Exercise aim => With the pictures excluded, repeat every entry exactly.

Exercise input =>
==*==

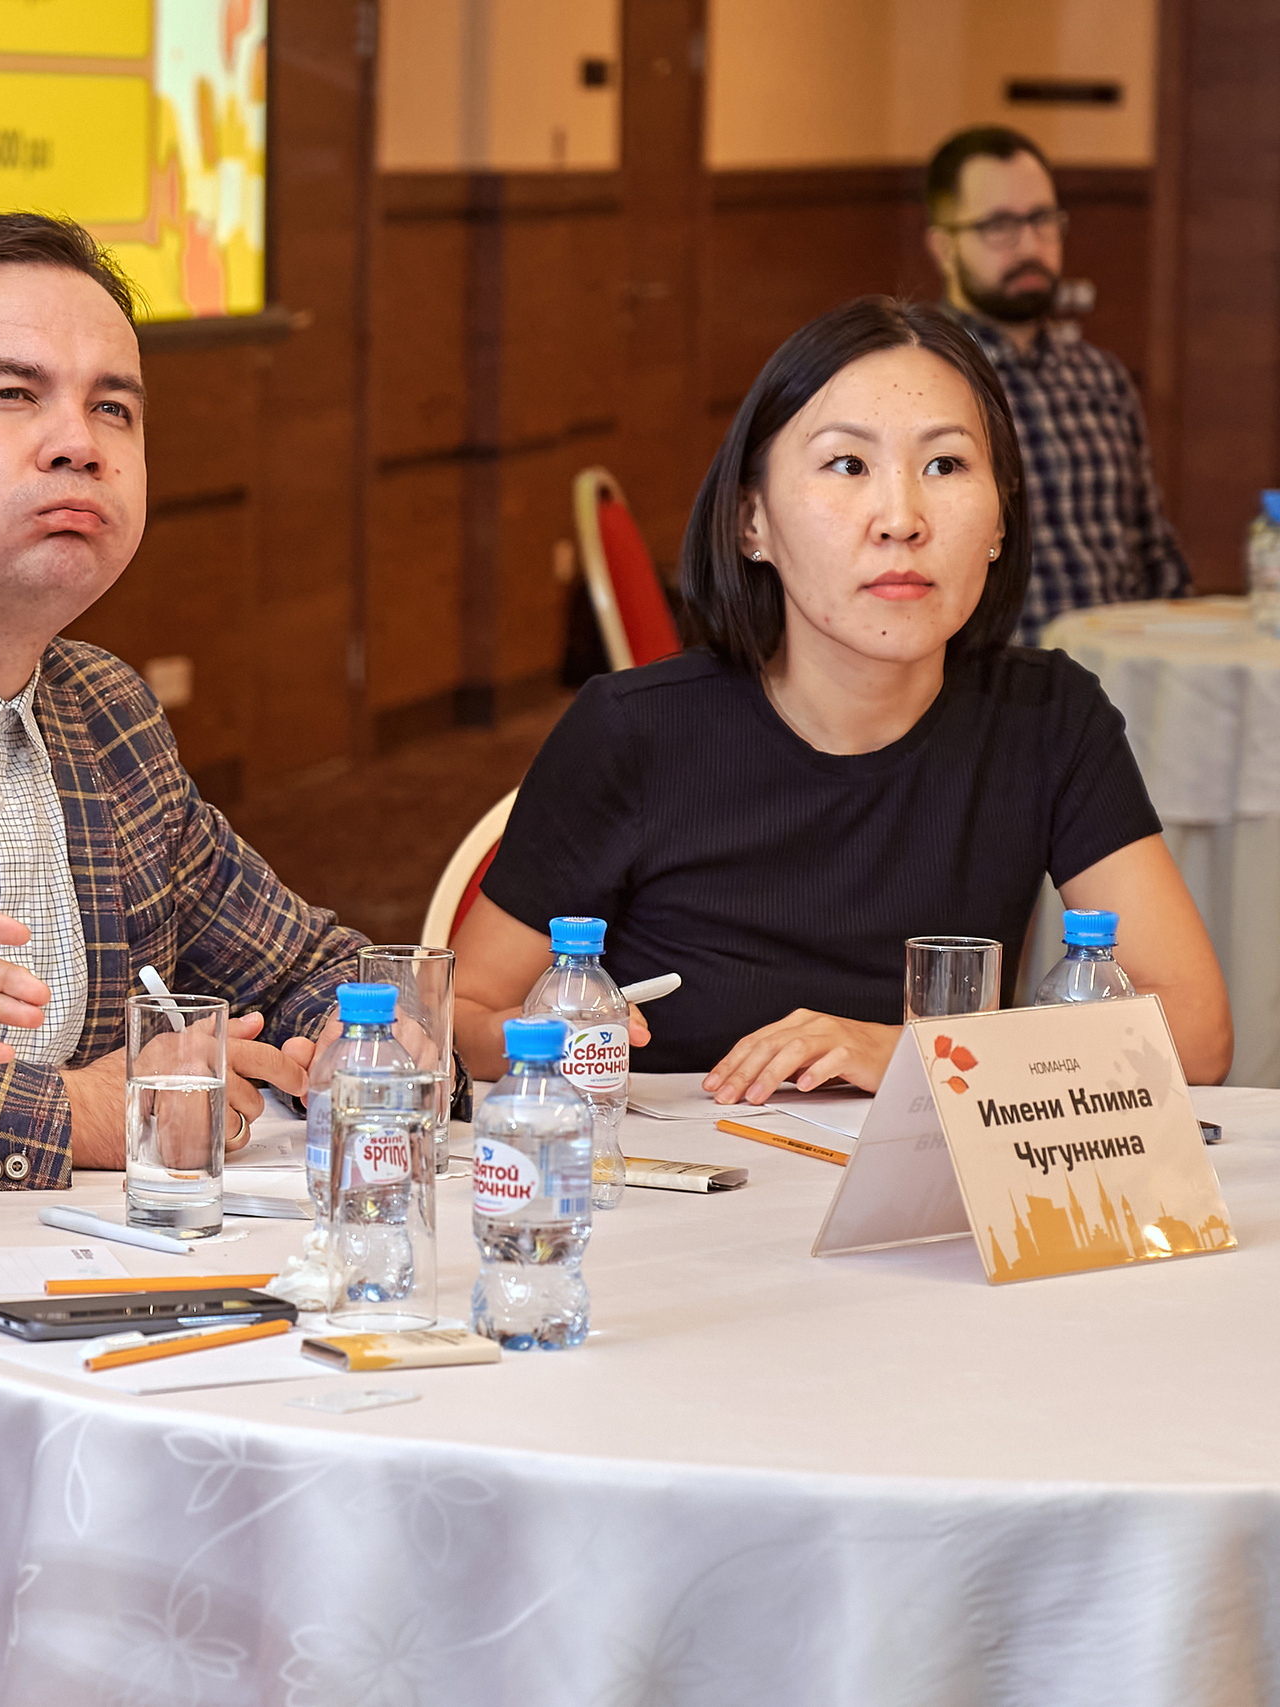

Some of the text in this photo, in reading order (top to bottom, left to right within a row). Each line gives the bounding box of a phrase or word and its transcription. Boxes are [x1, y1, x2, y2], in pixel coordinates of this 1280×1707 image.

[573, 1043, 627, 1061] святой
[562, 1060, 629, 1076] источни
[1028, 1058, 1082, 1076] КОМАНДА
[977, 1087, 1154, 1128] Имени Клима
[370, 1134, 403, 1145] saint
[363, 1144, 409, 1174] spring
[1013, 1134, 1146, 1176] Чугункина
[473, 1157, 519, 1182] вятой
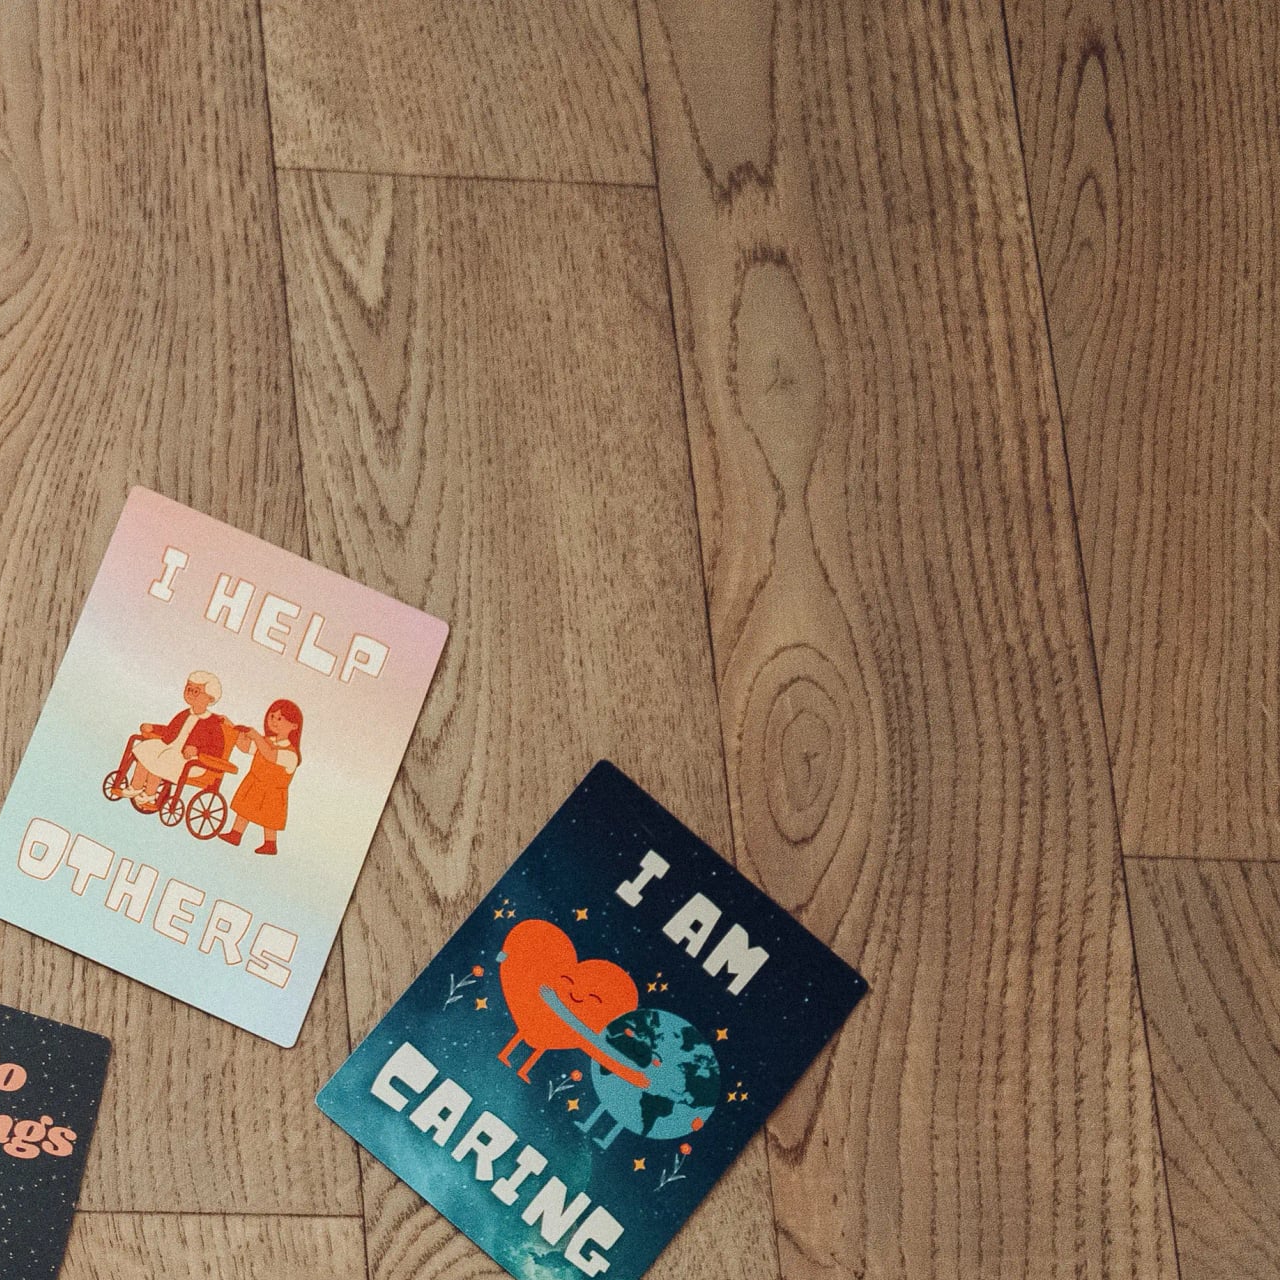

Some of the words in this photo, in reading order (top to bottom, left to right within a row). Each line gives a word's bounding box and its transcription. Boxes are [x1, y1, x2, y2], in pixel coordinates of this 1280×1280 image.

[149, 545, 189, 604] I
[204, 572, 390, 684] HELP
[16, 817, 298, 990] OTHERS
[615, 849, 671, 907] I
[662, 892, 770, 996] AM
[370, 1041, 625, 1278] CARING

==*==

Result of this exercise =>
Some of the text in this photo, in reading order (top to bottom, left to right within a row). Each line gives the bounding box of a phrase or word and its transcription. Boxes are [x1, y1, x2, y2], in pixel coordinates of this 1280×1707 image.

[573, 1043, 627, 1061] святой
[562, 1060, 629, 1076] источни
[1028, 1058, 1082, 1076] КОМАНДА
[977, 1087, 1154, 1128] Имени Клима
[370, 1134, 403, 1145] saint
[363, 1144, 409, 1174] spring
[1013, 1134, 1146, 1176] Чугункина
[473, 1157, 519, 1182] вятой

Some of the words in this photo, in reading order (top to bottom, left to right within a row). Each line gives a word's bounding box and its transcription. Boxes are [x1, y1, x2, y2], in pixel coordinates of this 1280×1280 image.

[149, 545, 189, 604] I
[204, 572, 390, 684] HELP
[16, 817, 298, 990] OTHERS
[615, 849, 671, 907] I
[662, 892, 770, 996] AM
[370, 1041, 625, 1278] CARING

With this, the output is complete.